Restate all of the following data exactly, keeping any images out of the copy.

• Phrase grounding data
++++++++++

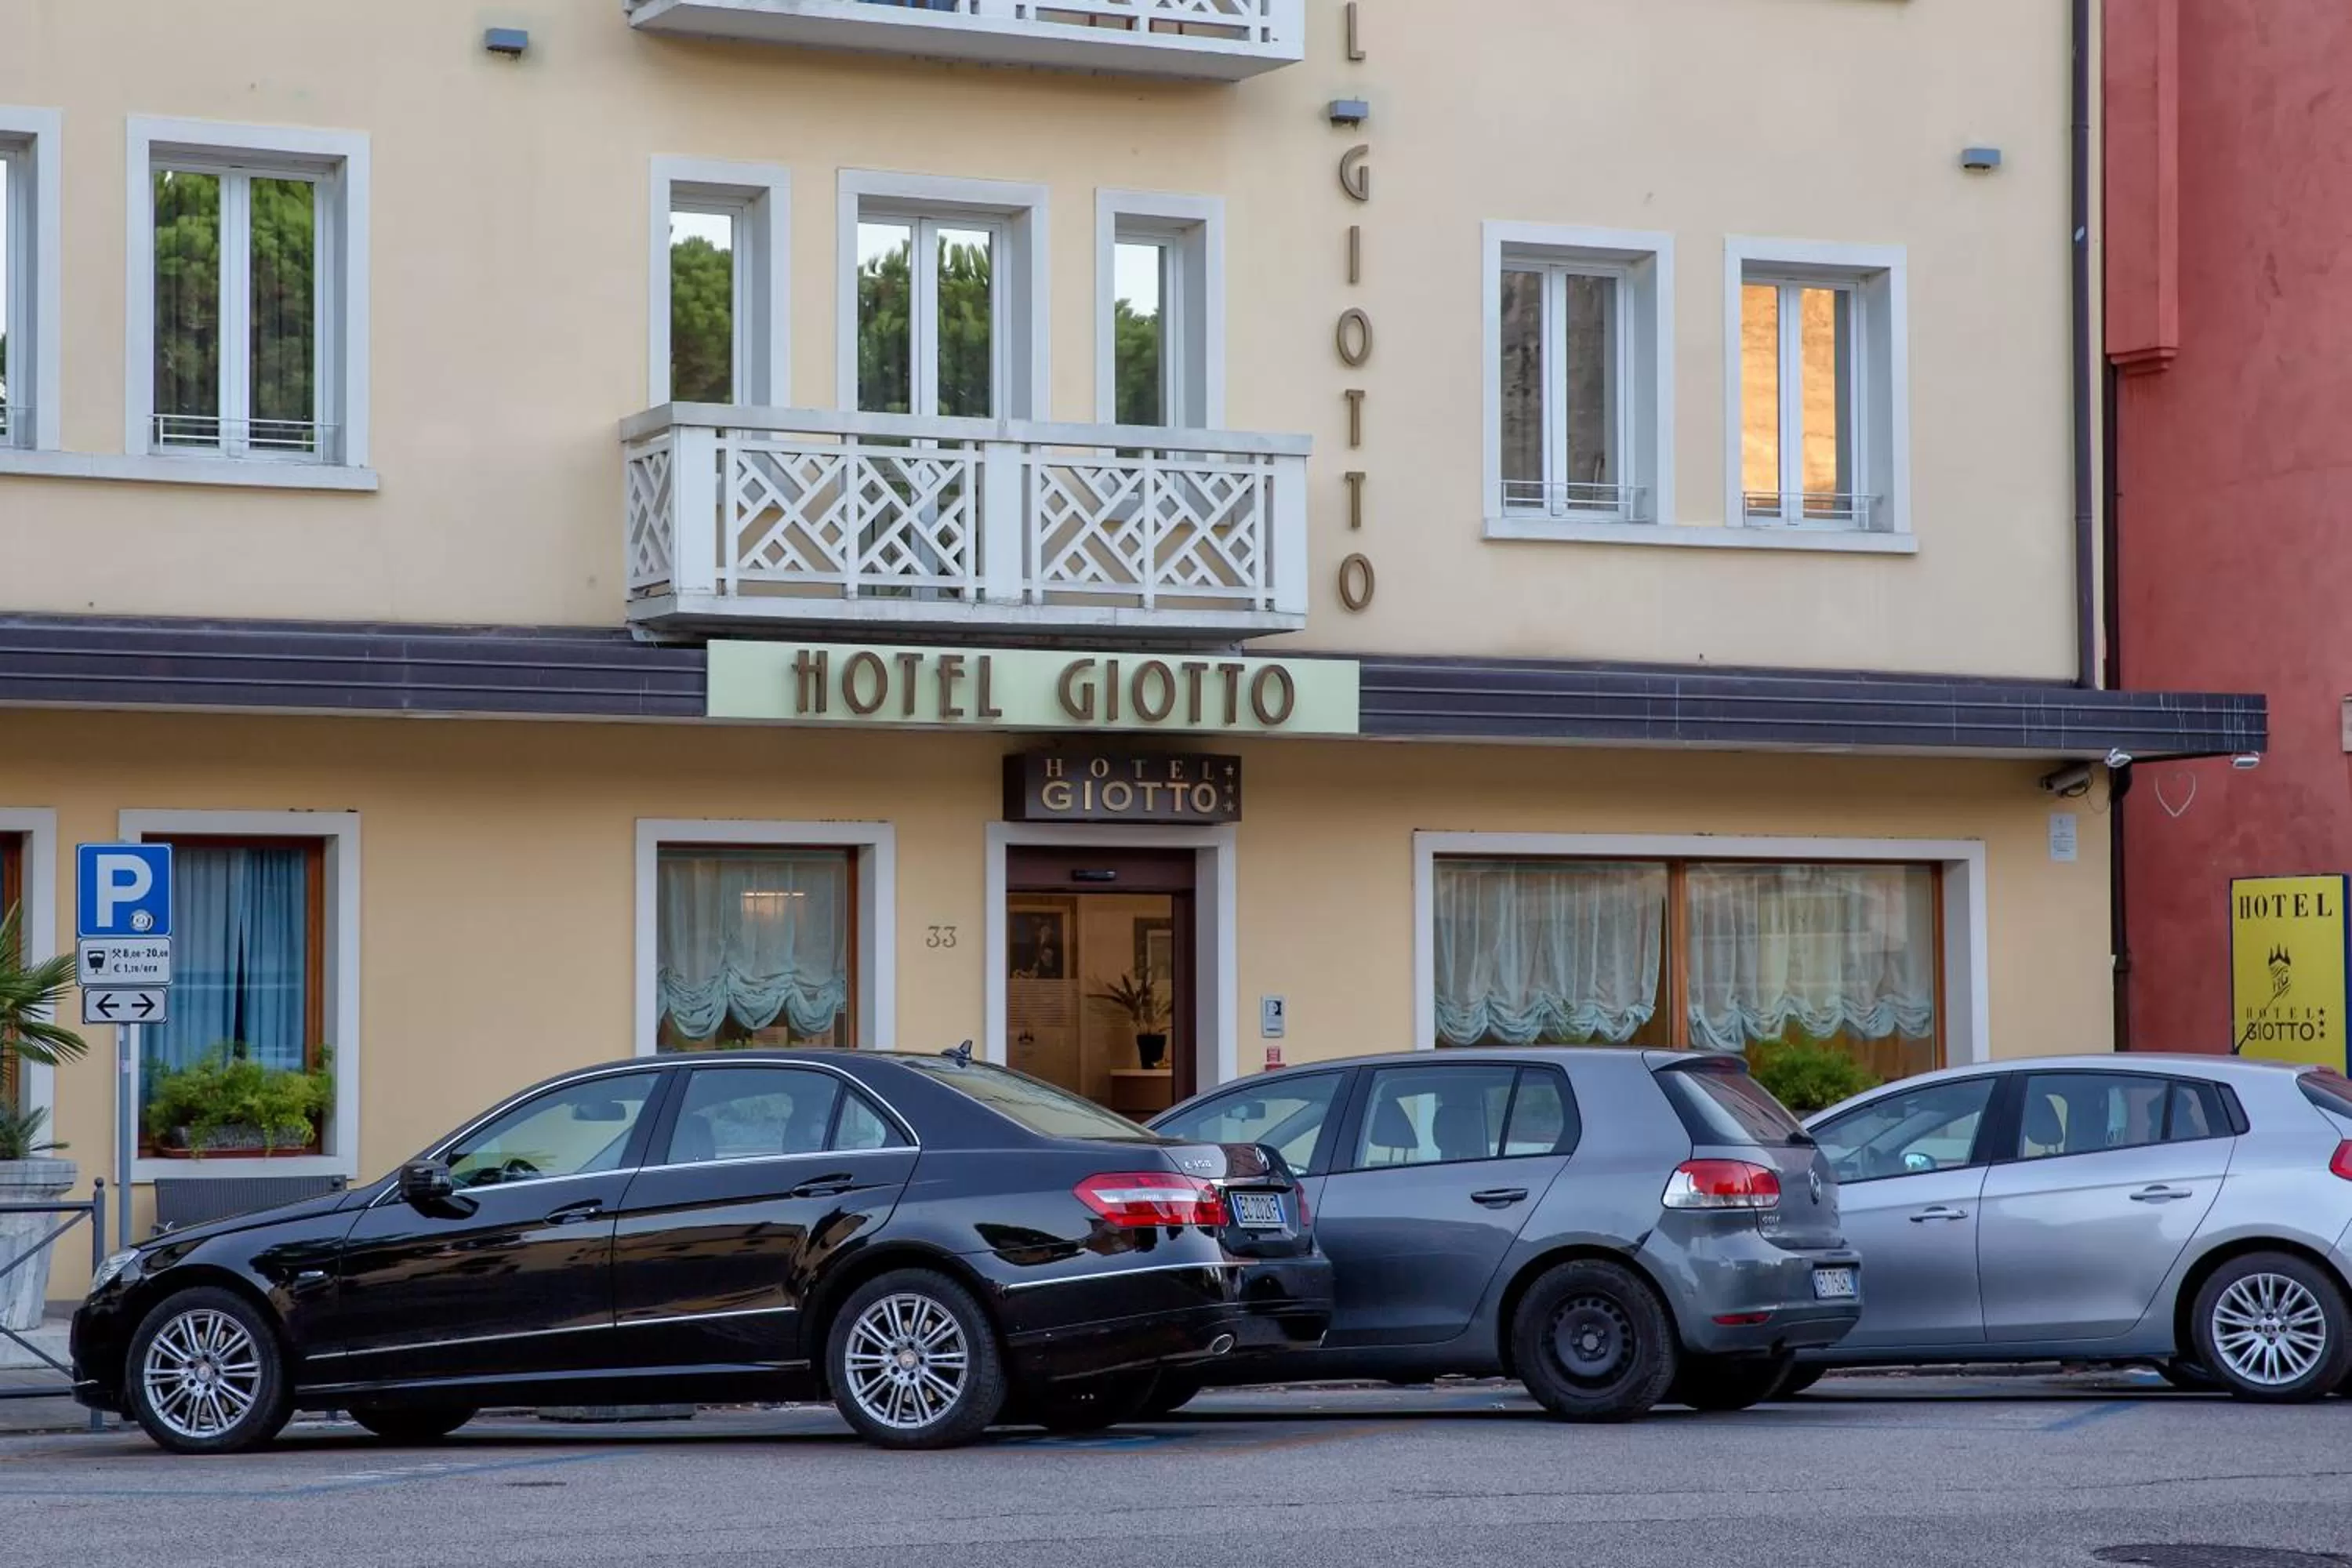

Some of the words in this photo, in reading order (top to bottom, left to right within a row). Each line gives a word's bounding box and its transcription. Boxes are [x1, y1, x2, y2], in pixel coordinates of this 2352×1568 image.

[1337, 144, 1374, 611] GIOTTO
[792, 649, 1003, 718] HOTEL
[1058, 658, 1295, 726] GIOTTO
[1045, 758, 1214, 779] HOTEL
[1042, 780, 1217, 813] GIOTTO
[96, 854, 153, 927] P
[2240, 893, 2332, 919] HOTEL
[926, 926, 956, 949] 33
[2247, 1022, 2315, 1041] GIOTTO
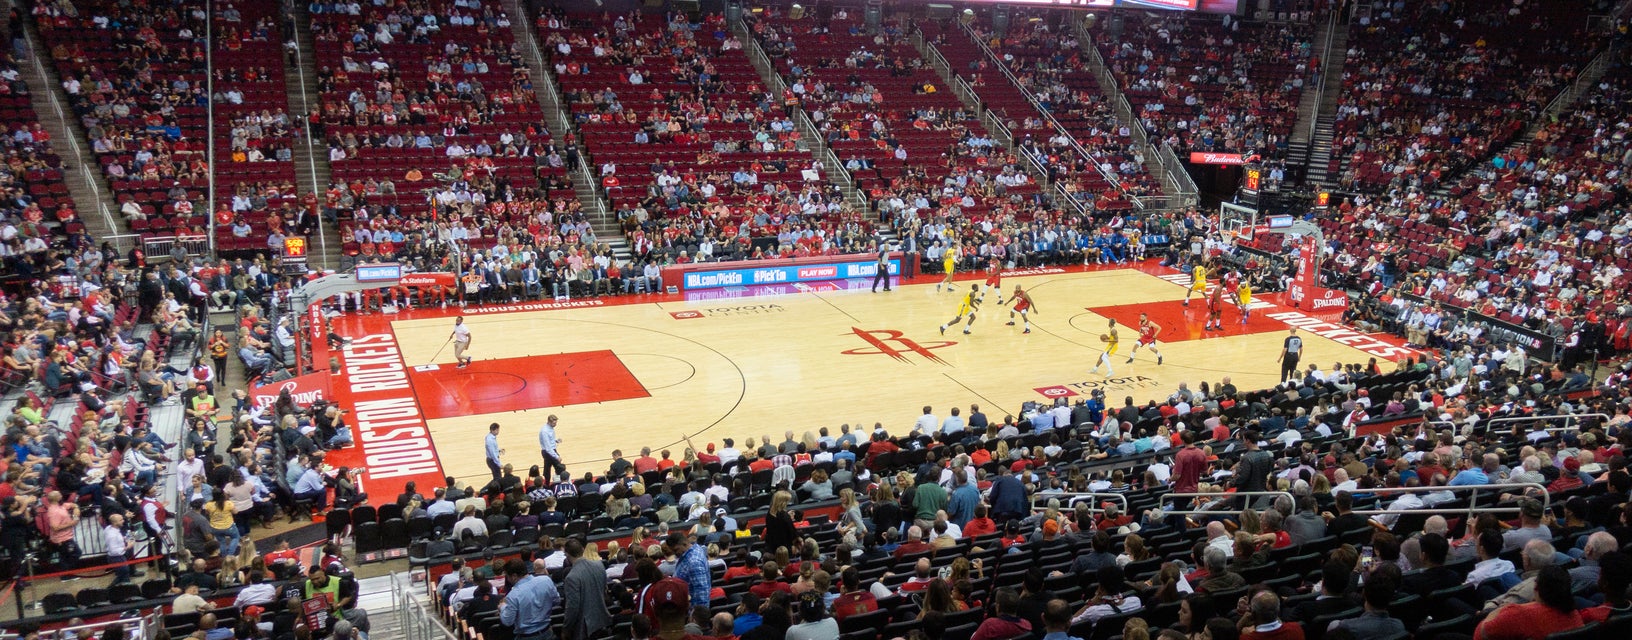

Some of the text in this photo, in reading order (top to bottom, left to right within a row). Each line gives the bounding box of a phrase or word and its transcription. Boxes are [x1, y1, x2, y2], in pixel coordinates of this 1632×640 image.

[1249, 179, 1257, 189] 14
[290, 247, 301, 255] 14
[688, 268, 834, 287] NBA.com/PickEm Pick'Em PLAY NOW
[704, 304, 782, 313] TOYOTA
[1313, 297, 1346, 309] SPALDING
[311, 304, 321, 338] NBA TV
[1265, 312, 1412, 357] ROCKETS
[342, 333, 410, 393] ROCKETS
[1068, 375, 1153, 388] TOYOTA
[1081, 381, 1164, 394] CNTER
[256, 389, 323, 409] SPDING
[354, 397, 439, 480] HOUSTON
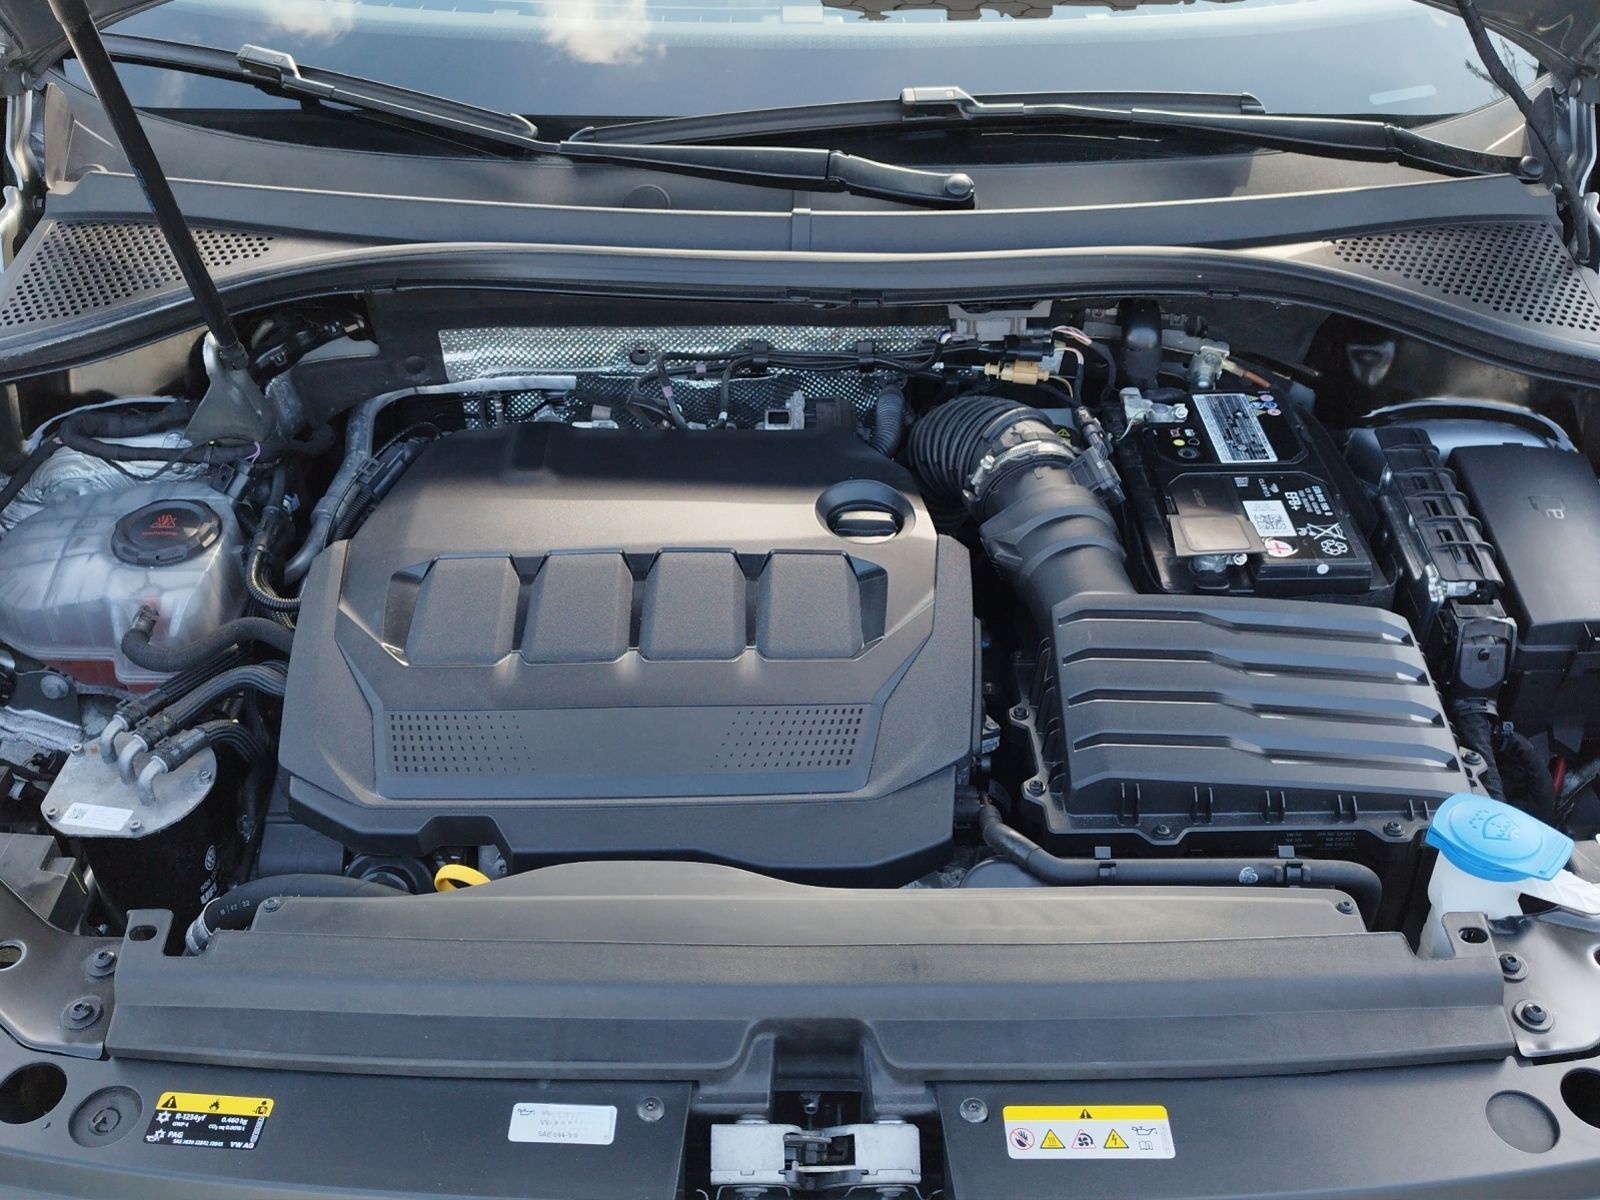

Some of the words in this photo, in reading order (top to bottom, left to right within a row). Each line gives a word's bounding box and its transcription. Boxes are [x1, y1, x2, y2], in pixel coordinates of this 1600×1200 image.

[1285, 491, 1302, 511] EFB+
[175, 1113, 207, 1122] R-1234yf
[221, 1116, 239, 1124] 0.460

++++++++++

• Solution to the problem
Some of the words in this photo, in reading order (top to bottom, left to right within a row). Each line gives a word's bounding box and its transcription. Boxes are [x1, y1, x2, y2], in pixel coordinates of this 2352×1568 image.

[1337, 144, 1374, 611] GIOTTO
[792, 649, 1003, 718] HOTEL
[1058, 658, 1295, 726] GIOTTO
[1045, 758, 1214, 779] HOTEL
[1042, 780, 1217, 813] GIOTTO
[96, 854, 153, 927] P
[2240, 893, 2332, 919] HOTEL
[926, 926, 956, 949] 33
[2247, 1022, 2315, 1041] GIOTTO

Some of the text in this photo, in reading order (top to bottom, left to right within a row). Each line gives the bounding box of a phrase or word and its transcription. Boxes are [x1, y1, x2, y2], in pixel coordinates of this 1632×640 image.

[1249, 179, 1257, 189] 14
[290, 247, 301, 255] 14
[688, 268, 834, 287] NBA.com/PickEm Pick'Em PLAY NOW
[704, 304, 782, 313] TOYOTA
[1313, 297, 1346, 309] SPALDING
[311, 304, 321, 338] NBA TV
[1265, 312, 1412, 357] ROCKETS
[342, 333, 410, 393] ROCKETS
[1068, 375, 1153, 388] TOYOTA
[1081, 381, 1164, 394] CNTER
[256, 389, 323, 409] SPDING
[354, 397, 439, 480] HOUSTON

Some of the words in this photo, in reading order (top to bottom, left to right within a row). Each line gives a word's bounding box and its transcription. Boxes are [x1, y1, x2, y2], in pixel coordinates of this 1600×1200 image.

[1285, 491, 1302, 511] EFB+
[175, 1113, 207, 1122] R-1234yf
[221, 1116, 239, 1124] 0.460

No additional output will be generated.